## PROBLEM DETAILS
Reproduce the entries beneath exactly, without their images.

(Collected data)
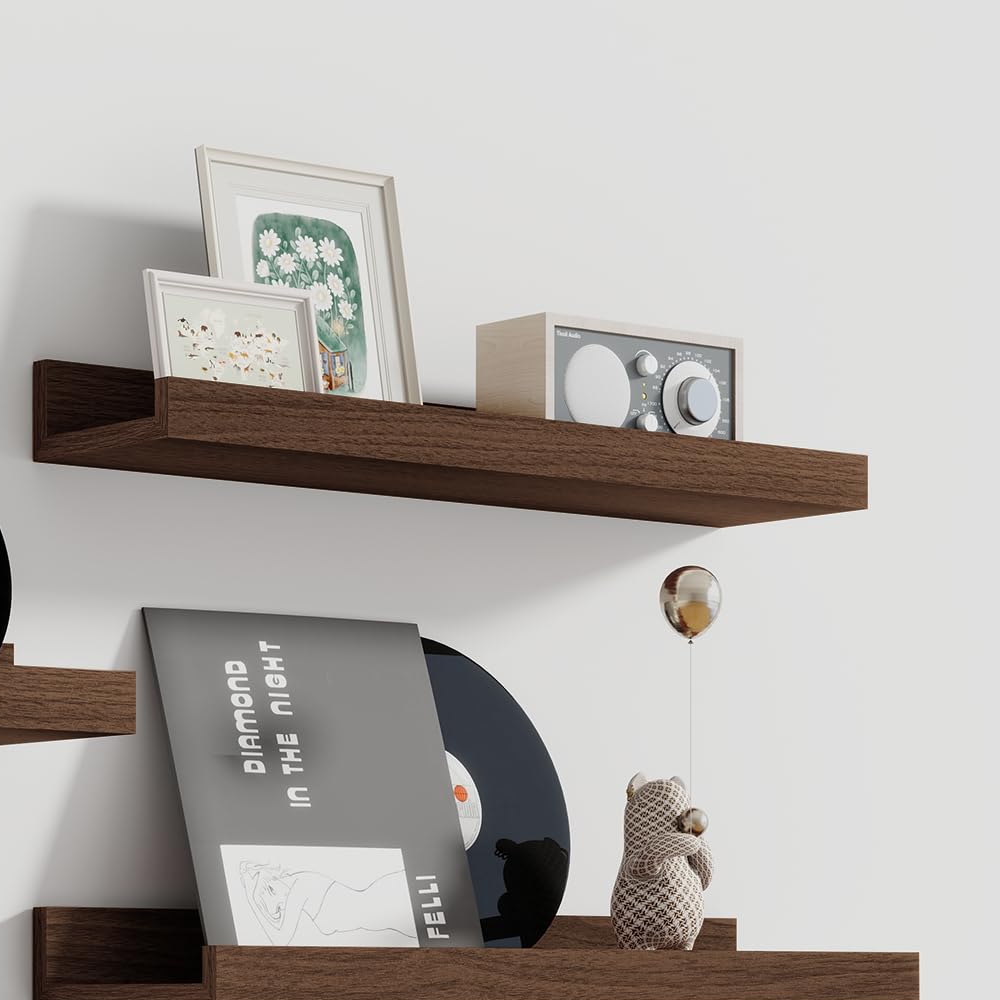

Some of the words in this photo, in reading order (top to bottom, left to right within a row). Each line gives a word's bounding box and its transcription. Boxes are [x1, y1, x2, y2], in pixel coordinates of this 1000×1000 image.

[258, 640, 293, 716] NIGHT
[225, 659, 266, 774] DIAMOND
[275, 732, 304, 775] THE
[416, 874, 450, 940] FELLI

## YOUR SOLUTION
Some of the words in this photo, in reading order (top to bottom, left to right within a row). Each line gives a word's bounding box and its transcription. Boxes are [x1, y1, x2, y2], in pixel coordinates of this 1000×1000 image.

[258, 640, 293, 716] NIGHT
[225, 659, 266, 774] DIAMOND
[275, 732, 304, 775] THE
[416, 874, 450, 940] FELLI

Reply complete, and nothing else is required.